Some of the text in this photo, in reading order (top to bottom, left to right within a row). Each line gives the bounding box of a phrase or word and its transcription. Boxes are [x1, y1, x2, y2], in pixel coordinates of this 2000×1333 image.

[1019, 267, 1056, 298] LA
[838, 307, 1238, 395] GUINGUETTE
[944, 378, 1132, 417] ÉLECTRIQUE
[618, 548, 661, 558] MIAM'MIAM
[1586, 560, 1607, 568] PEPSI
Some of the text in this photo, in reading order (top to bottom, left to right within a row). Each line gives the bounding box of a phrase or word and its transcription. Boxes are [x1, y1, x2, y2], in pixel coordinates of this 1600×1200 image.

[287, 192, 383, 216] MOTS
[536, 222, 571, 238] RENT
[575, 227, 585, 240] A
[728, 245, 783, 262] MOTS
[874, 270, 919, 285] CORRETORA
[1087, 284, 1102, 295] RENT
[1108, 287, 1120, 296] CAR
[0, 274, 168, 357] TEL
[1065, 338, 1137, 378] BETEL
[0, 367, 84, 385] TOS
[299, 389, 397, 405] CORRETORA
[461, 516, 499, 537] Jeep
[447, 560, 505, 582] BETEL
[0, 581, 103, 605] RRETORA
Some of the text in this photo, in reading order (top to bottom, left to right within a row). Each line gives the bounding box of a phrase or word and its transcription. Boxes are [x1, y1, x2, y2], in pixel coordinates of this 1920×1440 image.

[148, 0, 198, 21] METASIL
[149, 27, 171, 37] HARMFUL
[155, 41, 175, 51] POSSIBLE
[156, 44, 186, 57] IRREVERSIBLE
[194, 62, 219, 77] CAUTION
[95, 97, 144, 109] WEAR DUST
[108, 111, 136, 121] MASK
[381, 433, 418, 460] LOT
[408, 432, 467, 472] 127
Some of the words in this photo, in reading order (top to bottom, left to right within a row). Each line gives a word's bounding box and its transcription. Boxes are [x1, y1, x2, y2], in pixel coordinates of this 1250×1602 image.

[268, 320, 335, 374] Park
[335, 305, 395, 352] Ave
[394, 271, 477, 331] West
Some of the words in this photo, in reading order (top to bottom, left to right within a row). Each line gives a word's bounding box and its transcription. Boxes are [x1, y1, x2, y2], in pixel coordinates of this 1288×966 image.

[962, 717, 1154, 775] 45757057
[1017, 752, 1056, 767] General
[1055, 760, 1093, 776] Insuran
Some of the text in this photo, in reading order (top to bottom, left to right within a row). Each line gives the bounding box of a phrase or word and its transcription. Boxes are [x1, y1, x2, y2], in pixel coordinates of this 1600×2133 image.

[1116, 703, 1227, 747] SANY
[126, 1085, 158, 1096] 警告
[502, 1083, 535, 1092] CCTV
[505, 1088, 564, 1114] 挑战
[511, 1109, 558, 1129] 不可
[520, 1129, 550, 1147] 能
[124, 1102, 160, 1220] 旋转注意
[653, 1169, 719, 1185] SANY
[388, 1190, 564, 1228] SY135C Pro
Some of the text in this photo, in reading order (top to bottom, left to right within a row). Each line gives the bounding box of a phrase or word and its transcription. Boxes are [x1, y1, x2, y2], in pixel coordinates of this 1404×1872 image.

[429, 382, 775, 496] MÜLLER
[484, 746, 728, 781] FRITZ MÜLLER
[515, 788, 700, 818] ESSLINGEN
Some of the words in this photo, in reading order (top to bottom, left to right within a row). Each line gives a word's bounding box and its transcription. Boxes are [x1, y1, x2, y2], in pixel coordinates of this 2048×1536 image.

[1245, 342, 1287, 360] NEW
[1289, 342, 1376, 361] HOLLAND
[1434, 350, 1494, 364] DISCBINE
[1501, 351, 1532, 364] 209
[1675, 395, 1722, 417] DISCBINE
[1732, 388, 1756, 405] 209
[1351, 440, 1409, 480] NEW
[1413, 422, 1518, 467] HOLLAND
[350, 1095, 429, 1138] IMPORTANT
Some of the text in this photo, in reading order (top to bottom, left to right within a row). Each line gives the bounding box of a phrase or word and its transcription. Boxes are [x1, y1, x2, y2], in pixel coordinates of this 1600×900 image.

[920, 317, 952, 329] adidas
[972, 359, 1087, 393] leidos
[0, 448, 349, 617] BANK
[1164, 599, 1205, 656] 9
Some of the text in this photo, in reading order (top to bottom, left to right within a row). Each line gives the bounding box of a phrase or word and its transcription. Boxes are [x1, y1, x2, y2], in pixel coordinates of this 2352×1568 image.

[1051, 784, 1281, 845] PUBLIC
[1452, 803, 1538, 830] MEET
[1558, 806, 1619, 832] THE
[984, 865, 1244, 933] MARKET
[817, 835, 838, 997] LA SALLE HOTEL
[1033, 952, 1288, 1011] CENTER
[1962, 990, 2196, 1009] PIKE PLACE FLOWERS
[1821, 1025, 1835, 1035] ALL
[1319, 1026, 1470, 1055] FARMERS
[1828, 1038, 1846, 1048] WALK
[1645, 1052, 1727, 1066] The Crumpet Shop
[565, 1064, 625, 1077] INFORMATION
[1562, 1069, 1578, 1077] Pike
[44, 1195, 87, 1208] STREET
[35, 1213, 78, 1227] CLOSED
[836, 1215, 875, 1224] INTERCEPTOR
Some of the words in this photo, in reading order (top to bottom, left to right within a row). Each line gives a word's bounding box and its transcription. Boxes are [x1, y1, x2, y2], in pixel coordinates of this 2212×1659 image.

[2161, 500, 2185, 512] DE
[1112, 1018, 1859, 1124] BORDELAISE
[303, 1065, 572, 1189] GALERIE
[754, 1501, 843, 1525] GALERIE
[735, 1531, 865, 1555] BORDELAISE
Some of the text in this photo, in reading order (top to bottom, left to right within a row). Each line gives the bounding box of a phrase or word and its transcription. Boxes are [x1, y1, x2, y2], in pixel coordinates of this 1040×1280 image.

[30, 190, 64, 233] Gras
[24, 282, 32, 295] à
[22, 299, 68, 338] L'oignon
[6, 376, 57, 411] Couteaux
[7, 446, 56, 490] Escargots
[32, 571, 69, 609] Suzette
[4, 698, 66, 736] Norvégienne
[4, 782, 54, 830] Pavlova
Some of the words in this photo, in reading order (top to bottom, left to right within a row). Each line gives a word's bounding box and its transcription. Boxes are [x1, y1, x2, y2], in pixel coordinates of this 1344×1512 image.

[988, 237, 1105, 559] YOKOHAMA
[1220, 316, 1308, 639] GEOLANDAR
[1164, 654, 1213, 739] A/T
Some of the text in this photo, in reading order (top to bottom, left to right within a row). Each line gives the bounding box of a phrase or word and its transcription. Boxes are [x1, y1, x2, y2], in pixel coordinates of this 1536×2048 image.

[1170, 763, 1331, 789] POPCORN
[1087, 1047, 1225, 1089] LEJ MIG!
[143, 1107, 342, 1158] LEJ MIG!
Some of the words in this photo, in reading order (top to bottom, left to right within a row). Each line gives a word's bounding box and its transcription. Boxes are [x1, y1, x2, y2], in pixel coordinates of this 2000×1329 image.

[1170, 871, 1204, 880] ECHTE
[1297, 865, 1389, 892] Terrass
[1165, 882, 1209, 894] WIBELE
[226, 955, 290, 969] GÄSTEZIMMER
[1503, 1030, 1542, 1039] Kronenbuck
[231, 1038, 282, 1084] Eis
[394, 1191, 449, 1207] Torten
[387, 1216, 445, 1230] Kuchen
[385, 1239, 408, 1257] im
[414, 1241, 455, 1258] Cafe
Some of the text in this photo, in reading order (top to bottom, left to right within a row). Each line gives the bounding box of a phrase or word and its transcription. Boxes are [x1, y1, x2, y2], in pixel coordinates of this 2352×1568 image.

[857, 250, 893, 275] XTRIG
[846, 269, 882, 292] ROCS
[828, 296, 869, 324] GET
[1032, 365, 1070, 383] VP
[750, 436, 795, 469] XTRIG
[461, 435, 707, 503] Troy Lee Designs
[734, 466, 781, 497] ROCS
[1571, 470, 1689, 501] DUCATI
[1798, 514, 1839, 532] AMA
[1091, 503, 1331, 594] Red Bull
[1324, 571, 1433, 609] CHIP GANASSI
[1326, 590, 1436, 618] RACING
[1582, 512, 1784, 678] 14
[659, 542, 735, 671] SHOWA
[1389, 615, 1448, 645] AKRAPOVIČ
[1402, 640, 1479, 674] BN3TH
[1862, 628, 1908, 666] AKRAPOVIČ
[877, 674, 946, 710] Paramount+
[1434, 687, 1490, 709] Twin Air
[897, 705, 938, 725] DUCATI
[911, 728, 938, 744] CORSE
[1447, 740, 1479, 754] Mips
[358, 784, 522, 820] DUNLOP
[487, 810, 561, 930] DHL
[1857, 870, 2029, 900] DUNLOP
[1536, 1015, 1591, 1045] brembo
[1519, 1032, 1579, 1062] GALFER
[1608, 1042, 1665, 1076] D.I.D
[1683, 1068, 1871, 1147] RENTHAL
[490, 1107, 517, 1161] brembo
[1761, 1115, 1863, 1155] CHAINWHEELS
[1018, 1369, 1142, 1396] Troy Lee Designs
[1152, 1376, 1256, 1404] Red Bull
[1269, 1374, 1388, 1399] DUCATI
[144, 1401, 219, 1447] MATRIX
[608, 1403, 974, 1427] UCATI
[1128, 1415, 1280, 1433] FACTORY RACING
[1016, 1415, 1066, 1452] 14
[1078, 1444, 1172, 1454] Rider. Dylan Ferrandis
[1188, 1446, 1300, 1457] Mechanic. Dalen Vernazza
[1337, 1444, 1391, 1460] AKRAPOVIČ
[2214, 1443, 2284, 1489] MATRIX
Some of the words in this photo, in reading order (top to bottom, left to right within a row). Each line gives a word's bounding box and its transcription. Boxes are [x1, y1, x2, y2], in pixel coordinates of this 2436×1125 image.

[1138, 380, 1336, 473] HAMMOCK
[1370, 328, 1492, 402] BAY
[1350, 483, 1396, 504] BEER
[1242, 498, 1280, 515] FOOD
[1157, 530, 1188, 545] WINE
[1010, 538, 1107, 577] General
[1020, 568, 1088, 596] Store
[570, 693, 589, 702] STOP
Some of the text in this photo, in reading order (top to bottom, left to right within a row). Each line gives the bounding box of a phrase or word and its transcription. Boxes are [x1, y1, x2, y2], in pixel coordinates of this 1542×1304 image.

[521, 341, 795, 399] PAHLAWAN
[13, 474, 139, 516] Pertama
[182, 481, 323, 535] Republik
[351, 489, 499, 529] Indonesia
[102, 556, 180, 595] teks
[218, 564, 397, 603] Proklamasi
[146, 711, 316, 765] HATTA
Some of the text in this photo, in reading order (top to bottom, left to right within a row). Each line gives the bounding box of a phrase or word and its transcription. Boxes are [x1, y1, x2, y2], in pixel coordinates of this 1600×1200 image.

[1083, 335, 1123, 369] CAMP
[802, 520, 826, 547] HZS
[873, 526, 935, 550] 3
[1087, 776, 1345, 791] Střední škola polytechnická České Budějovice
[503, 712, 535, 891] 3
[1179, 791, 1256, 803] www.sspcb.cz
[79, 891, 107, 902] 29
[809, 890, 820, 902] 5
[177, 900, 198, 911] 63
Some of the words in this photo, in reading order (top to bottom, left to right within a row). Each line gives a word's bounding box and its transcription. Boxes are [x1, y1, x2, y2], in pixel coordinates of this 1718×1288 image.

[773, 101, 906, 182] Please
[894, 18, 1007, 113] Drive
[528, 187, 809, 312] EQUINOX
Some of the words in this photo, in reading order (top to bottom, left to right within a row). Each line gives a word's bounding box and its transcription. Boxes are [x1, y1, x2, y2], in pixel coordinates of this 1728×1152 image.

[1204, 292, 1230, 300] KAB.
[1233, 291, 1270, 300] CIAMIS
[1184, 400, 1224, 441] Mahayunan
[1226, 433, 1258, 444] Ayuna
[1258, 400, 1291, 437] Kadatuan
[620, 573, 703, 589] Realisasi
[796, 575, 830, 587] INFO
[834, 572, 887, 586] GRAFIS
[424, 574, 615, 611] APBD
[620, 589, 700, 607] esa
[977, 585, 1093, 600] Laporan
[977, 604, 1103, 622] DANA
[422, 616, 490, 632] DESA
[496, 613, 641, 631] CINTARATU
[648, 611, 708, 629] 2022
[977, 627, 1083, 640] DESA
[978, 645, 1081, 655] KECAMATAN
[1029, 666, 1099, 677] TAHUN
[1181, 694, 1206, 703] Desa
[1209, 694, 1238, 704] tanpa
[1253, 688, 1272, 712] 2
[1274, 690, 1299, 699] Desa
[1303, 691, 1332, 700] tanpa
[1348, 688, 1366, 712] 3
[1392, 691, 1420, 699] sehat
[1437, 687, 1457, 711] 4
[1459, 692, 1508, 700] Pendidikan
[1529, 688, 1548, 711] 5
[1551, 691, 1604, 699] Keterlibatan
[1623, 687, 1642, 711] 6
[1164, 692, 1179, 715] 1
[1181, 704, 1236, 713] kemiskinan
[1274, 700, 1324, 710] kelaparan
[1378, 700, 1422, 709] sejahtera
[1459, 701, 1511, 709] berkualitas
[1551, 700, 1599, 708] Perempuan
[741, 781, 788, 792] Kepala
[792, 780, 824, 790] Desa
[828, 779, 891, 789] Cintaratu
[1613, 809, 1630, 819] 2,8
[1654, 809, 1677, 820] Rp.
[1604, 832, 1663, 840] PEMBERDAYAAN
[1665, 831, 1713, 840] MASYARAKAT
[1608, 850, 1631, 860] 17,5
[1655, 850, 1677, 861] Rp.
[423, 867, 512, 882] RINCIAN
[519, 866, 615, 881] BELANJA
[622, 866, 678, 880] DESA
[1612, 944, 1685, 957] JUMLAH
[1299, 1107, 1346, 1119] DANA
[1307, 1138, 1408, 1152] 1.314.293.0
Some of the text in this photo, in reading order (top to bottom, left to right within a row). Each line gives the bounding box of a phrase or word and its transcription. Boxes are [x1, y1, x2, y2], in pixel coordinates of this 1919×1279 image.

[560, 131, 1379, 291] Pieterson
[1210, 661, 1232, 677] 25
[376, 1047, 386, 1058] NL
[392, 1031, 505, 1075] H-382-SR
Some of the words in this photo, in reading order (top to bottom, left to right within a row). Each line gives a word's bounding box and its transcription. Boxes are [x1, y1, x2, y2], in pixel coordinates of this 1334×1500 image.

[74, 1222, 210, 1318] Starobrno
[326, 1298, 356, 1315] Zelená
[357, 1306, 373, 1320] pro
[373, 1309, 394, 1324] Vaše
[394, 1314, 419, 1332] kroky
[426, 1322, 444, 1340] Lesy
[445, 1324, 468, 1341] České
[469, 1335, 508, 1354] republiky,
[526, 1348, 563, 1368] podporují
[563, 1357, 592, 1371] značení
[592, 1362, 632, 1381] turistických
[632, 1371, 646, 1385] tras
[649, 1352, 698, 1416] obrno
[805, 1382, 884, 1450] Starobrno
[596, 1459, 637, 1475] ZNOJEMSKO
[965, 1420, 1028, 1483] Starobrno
......
What the task asks:
What are the lines from the one containing "this 1919×1279 image." through the end of the material? Reproduce them exactly, both ends included, with nothing added.

Response to the task:
Some of the text in this photo, in reading order (top to bottom, left to right within a row). Each line gives the bounding box of a phrase or word and its transcription. Boxes are [x1, y1, x2, y2], in pixel coordinates of this 1919×1279 image.

[560, 131, 1379, 291] Pieterson
[1210, 661, 1232, 677] 25
[376, 1047, 386, 1058] NL
[392, 1031, 505, 1075] H-382-SR
Some of the words in this photo, in reading order (top to bottom, left to right within a row). Each line gives a word's bounding box and its transcription. Boxes are [x1, y1, x2, y2], in pixel coordinates of this 1334×1500 image.

[74, 1222, 210, 1318] Starobrno
[326, 1298, 356, 1315] Zelená
[357, 1306, 373, 1320] pro
[373, 1309, 394, 1324] Vaše
[394, 1314, 419, 1332] kroky
[426, 1322, 444, 1340] Lesy
[445, 1324, 468, 1341] České
[469, 1335, 508, 1354] republiky,
[526, 1348, 563, 1368] podporují
[563, 1357, 592, 1371] značení
[592, 1362, 632, 1381] turistických
[632, 1371, 646, 1385] tras
[649, 1352, 698, 1416] obrno
[805, 1382, 884, 1450] Starobrno
[596, 1459, 637, 1475] ZNOJEMSKO
[965, 1420, 1028, 1483] Starobrno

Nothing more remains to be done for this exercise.